Por esa época era la secretaria de uno de los jefes, trabajaba de nueve a dieciocho y como vivía a unas veinte cuadras, solía volverme caminando. Tenía que hacer muy mal tiempo, un frío imposible, llover a cántaros, o esos calores que no permiten mover los pies, para que tomara un taxi. En el auto, a veces imaginaba que me encontraba un maletín olvidado en el piso. Lo abría, en el piso mismo, y adentro hallaba montones de dólares, en prolijos fajos. Digamos, un millón de dólares. Había mucho tránsito, el taxista escuchaba un programa sobre fútbol, no me prestaba ninguna atención. Nadie le presta atención a la ratita. Entonces yo sacaba de mi cartera una bolsa de basura, de las de consorcio, negras y fuertes, y guardaba los dólares adentro. Como si me hubiera acordado repentinamente de algo le pedía al conductor por favor pare aquí, dejaba el maletín (vacío) en el auto y entraba en una farmacia, en un mercadito de coreanos, en una perfumería, perdía tiempo, en una palabra. Después me imaginaba llegando a casa, poniendo la bolsa bajo la cama y viviendo la misma vida de siempre, digamos cuánto, ¿un año? Ahí vendía el departamento y desaparecía, ahí surgía Alina Reyes. Cuando volvía a casa caminando, a veces también lo pensaba y perfeccionaba el disimulo, los gastos con cuentagotas, yo presumía que la plata era de los narcos y no me daba culpa guardármela. Nunca me pregunté por qué desparecer o qué haría en otra vida, con otra identidad si en realidad yo estaba satisfecha con la mía, pero solo imaginarme tener ese nombre me abría tan diferentes posibilidades. También pensaba, con bastante buen humor, que si no tomaba la precaución de salir siempre con una bolsa de consorcio prolijamente doblada en la cartera, estaba anulando el primer acto que desencadenaría todos los restantes.
Fui hija única de una pareja madura, una niña callada, tranquila, estudiosa, solitaria, y para mis treinta años, como tenía en esa época, mis padres ya habían muerto, yo tenía un departamento de dos ambientes grandes con un balcón con flores y un silloncito para sentarme a leer o comer si el tiempo me lo permitía, un buen trabajo, una vida que me gustaba. Me relacionaba cordial pero levemente con la gente de la empresa, seguía siendo una solitaria y no tenía novio. De más joven tuve alguna relación, incluso me acosté con algunos, pero la experiencia no me resultó, todo era un poco burdo, un poco triste, un poco desagradable, yo no era (no soy) bien dispuesta para lo corporal, los olores humanos, el intercambio de jugos, así que clausuré sin esfuerzo esa etapa, y tan contenta.
Un domingo de octubre, de esos preciosos preciosos, me desperté temprano, fui a la terminal de ómnibus de Retiro, compré un pasaje y bajé en San Pedro. Fue perfecto, porque la ciudad es muy linda, tiene el río, la costanera, ambiente de provincia. Sentada al sol, tomando un cafecito, volví a pensar, desaparezco, me corto el pelo de otro modo, me tiño de rojo, compro una casa acá, consigo papeles falsos, empiezo de nuevo, soy Alina Reyes. Buena parte del día, y del viaje de vuelta lo pasé con ese fantaseo, cómo me vestiría, cómo viviría en San Pedro. Por supuesto que no era parte del juego pensar por qué desaparecer, cómo haría para conseguir papeles falsos, el tema era, otra vez, ser la reina y. Parece mentira, pero pienso que el cambio empezó a gestarse en ese viaje.

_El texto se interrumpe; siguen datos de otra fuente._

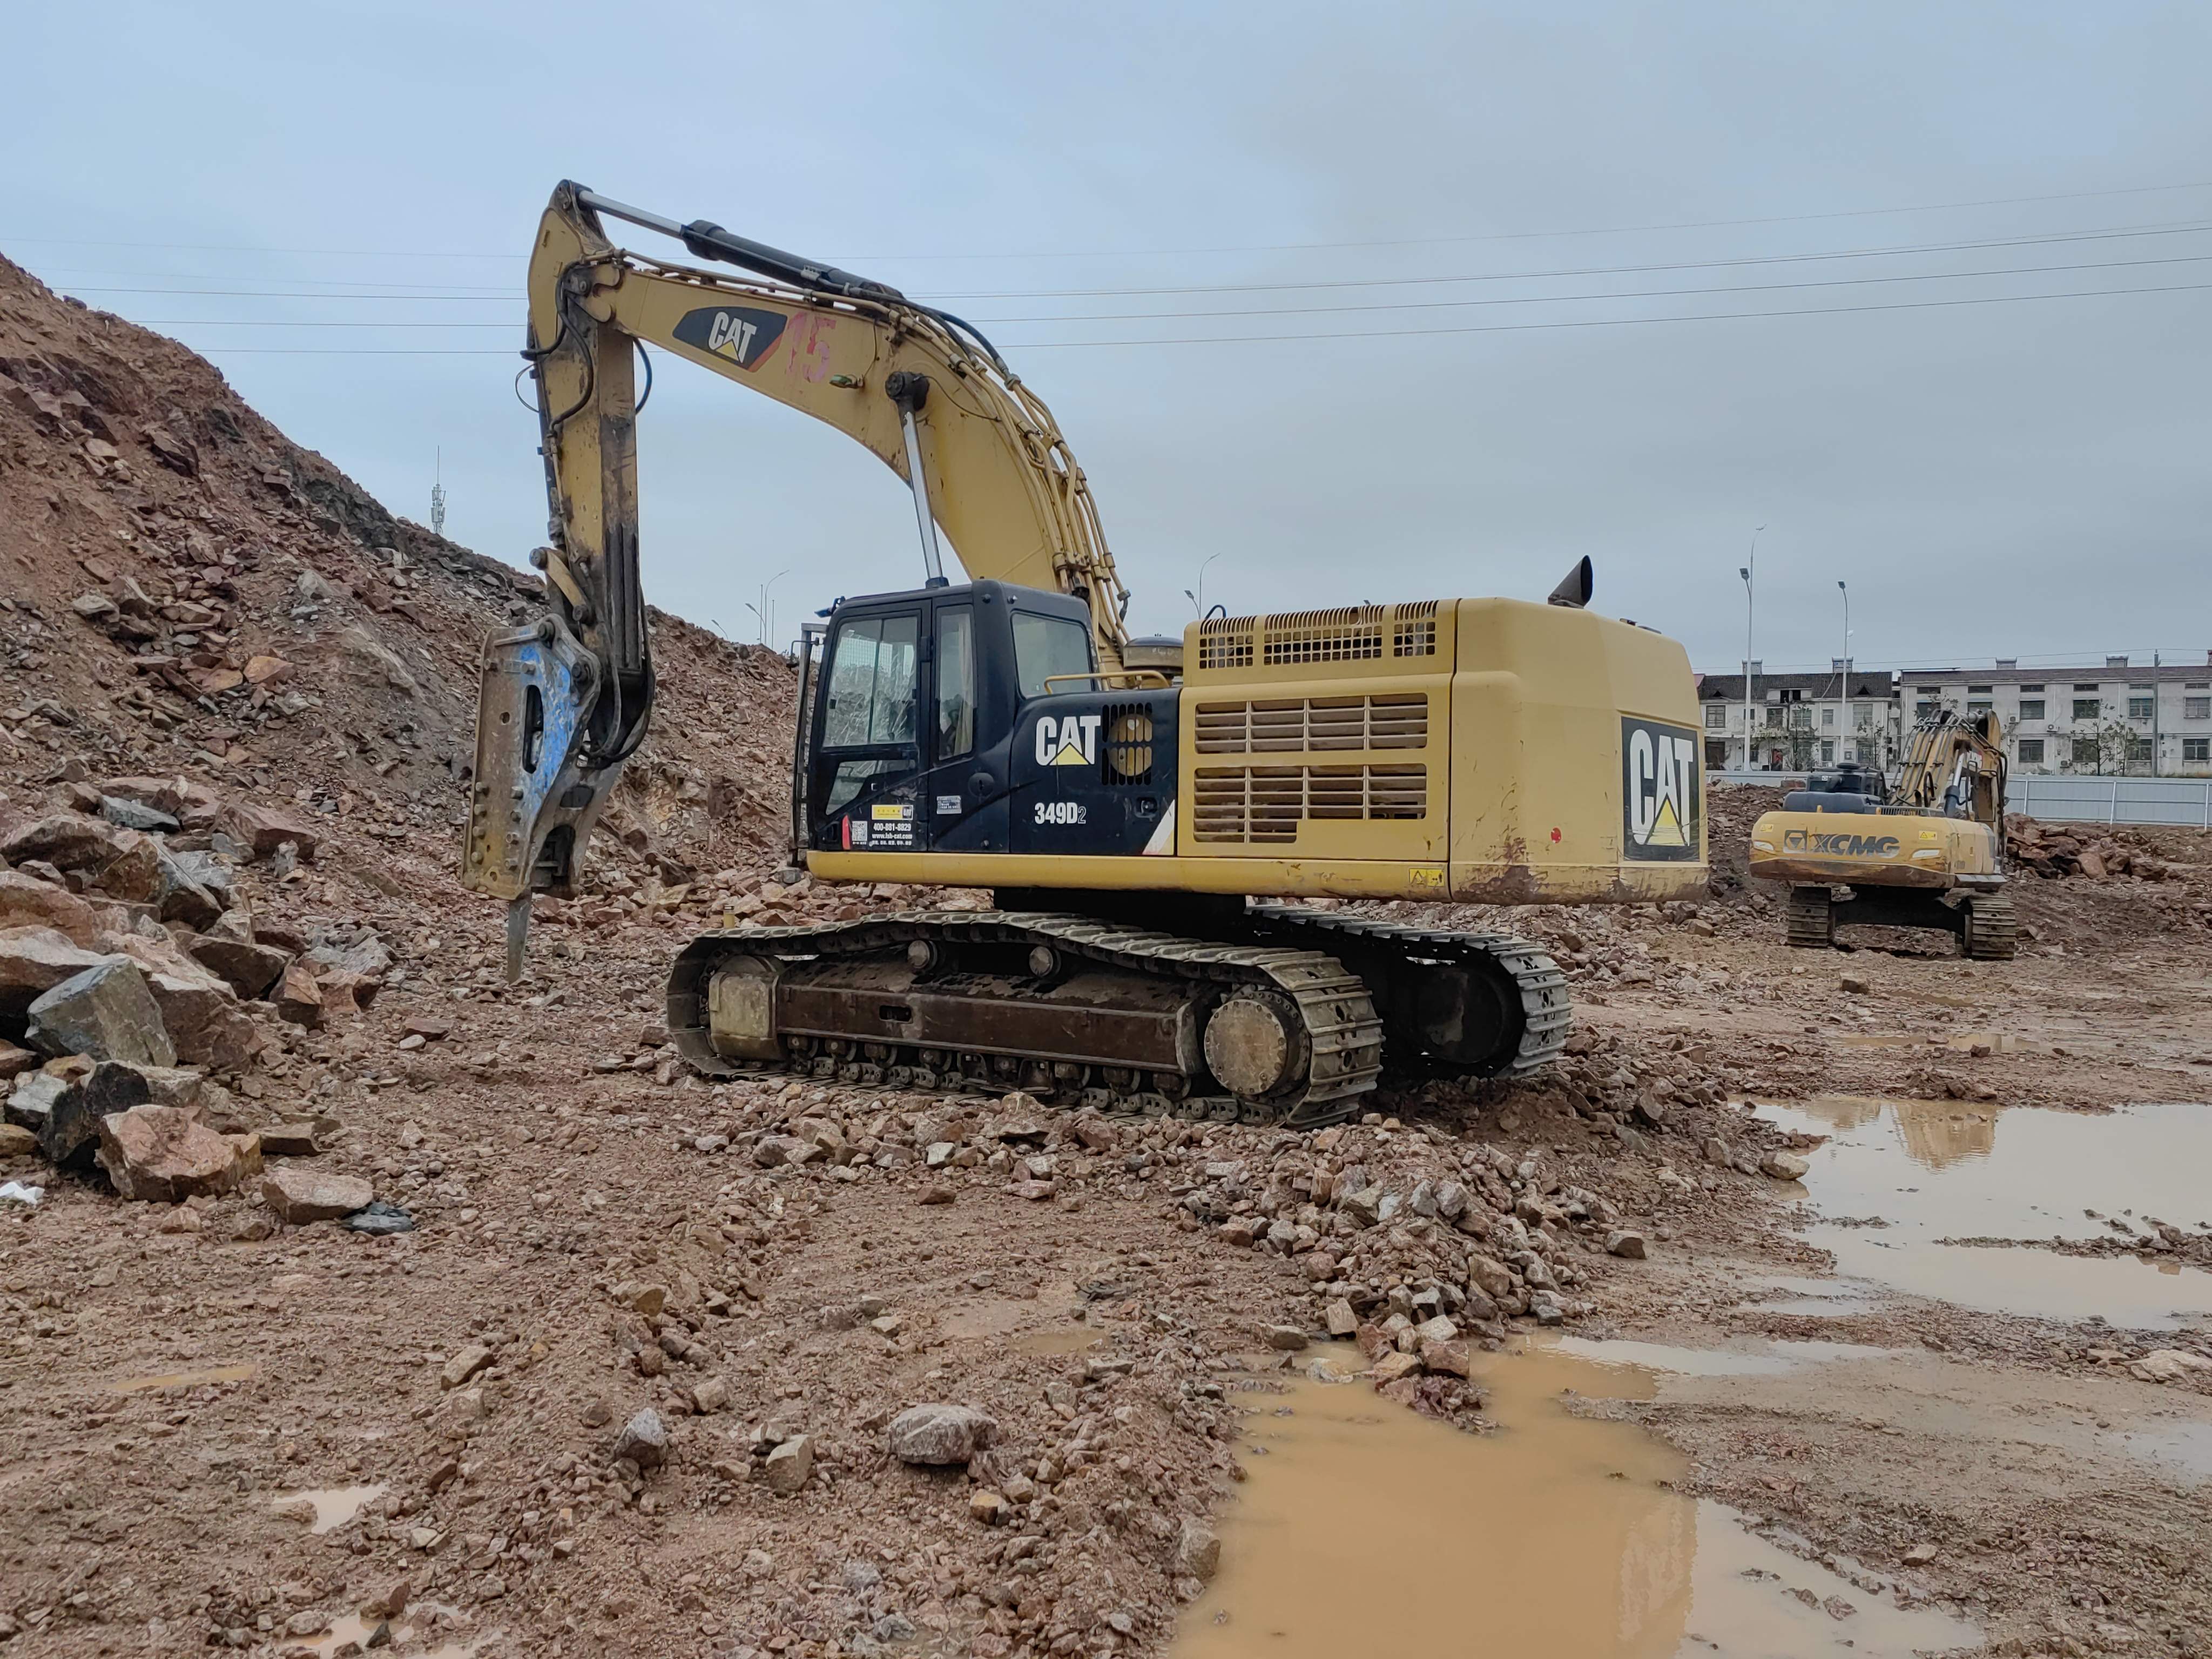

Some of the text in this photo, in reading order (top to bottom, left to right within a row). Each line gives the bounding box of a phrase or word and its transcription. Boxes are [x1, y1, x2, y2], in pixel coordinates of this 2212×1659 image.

[708, 311, 757, 363] CAT
[1036, 715, 1101, 765] CAT
[1630, 729, 1694, 846] CAT
[1034, 802, 1087, 825] 349D2
[1810, 834, 1900, 859] XCMG
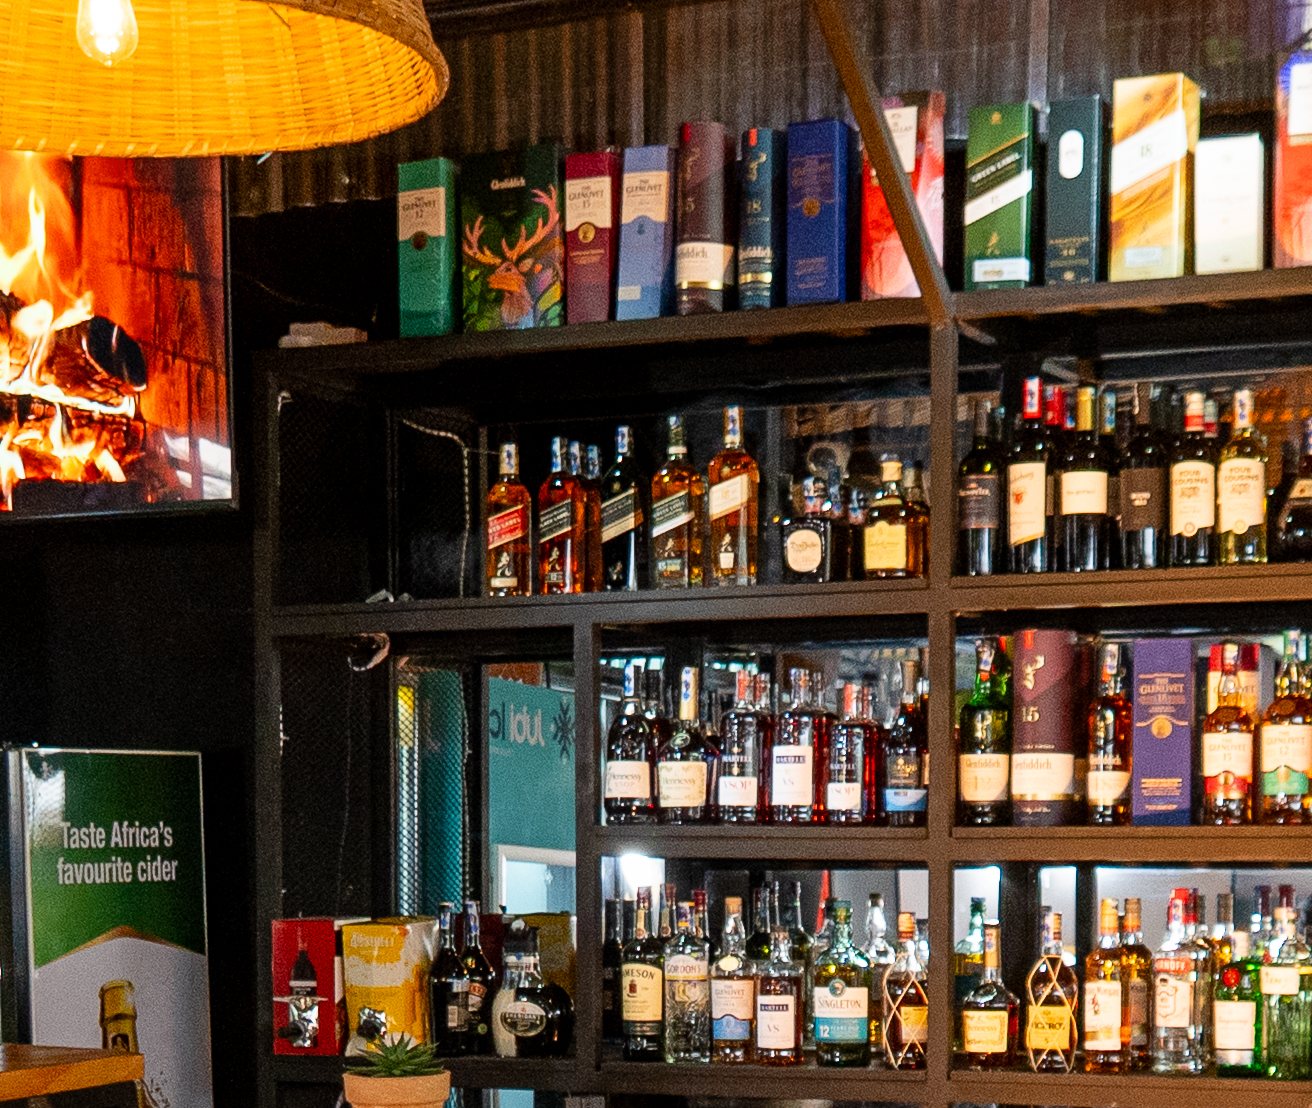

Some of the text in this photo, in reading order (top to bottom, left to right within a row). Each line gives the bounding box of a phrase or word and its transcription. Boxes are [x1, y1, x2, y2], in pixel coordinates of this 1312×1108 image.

[1021, 706, 1040, 723] 15
[60, 820, 174, 849] Taste Africa's
[57, 855, 178, 885] favourite cider
[667, 964, 701, 974] GORDON'S
[817, 997, 862, 1009] SINGLETON
[767, 1024, 780, 1033] VS
[819, 1025, 830, 1038] 12
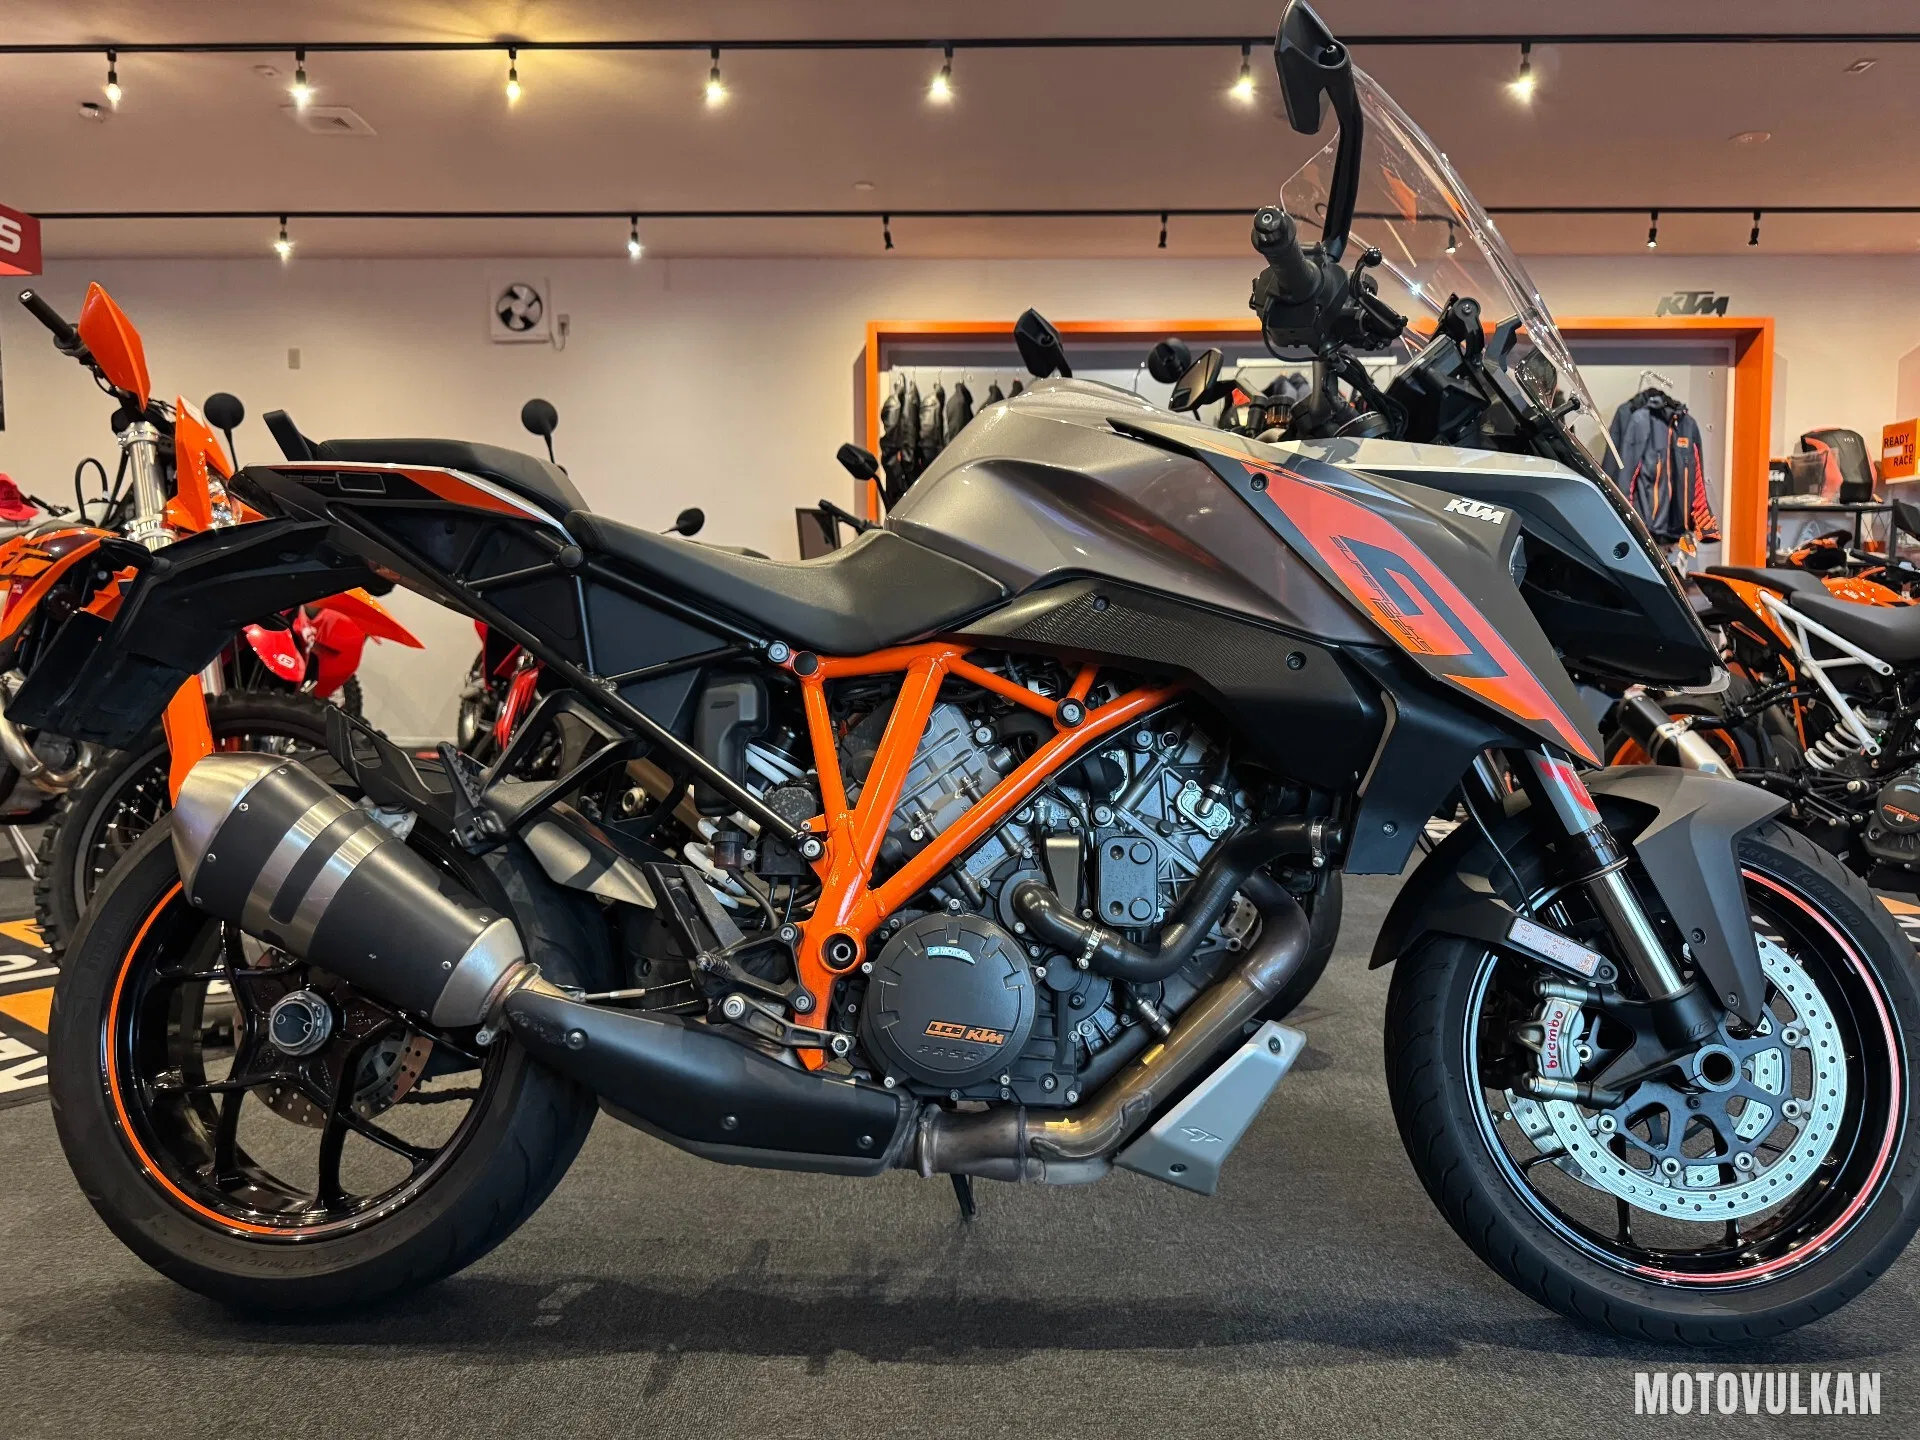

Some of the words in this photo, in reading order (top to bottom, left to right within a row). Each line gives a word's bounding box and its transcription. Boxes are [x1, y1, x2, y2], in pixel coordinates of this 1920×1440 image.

Para esas fechas me había descubierto un cierto talento perceptivo y estaba estudiando todo lo referente al Tarot, incluso solía ir los sábados a la tarde a Recoleta, me sentaba en un banco y le tiraba las cartas a la gente que lo pedía, sin cobrar, pero era muy certera. También me había aficionado un poco al chat, porque el invierno fue duro, largo y lluvioso y yo había estado un poco débil con mis bronquios, así que, fuera de ir a la empresa, no salía para nada. Finalmente di con un room donde me sentía bastante cómoda, hablaban de libros, de cine, de viajes. Fiel a mi estilo, mi nombre en el chat era Alina y opinaba bastante poco. A cualquier hora que entrara, siempre estaba conectado un tal Wolfe que me resultaba interesantísimo y que solía hacerme preguntas directamente, hasta que un día me solicitó en privado. De a poco fue contándome algunas cosas, sin preguntas, lo que quisiera decir. Supe que tenía cuarenta años, que vivía en una casa con un gran jardín, que cultivaba dalias, que le gustaba comer bien y tomar cerveza. De a poco fui contándole algunas cosas, mis paseos, el trabajo, la elección de la soledad, no mis fantasías, no mi nombre verdadero, no ser la reina y. Un día me animé y le hablé del Tarot, los estudios, la certeza de mis predicciones. Poco después me preguntó si no quería ir a visitarlo y mostrarle mi talento. Te parecerá descortés de mi parte, escribió, pero yo soy un hombre muy gordo que no sale de su casa, te enviaría a buscar. Todavía no puedo creerlo, pero dije sí.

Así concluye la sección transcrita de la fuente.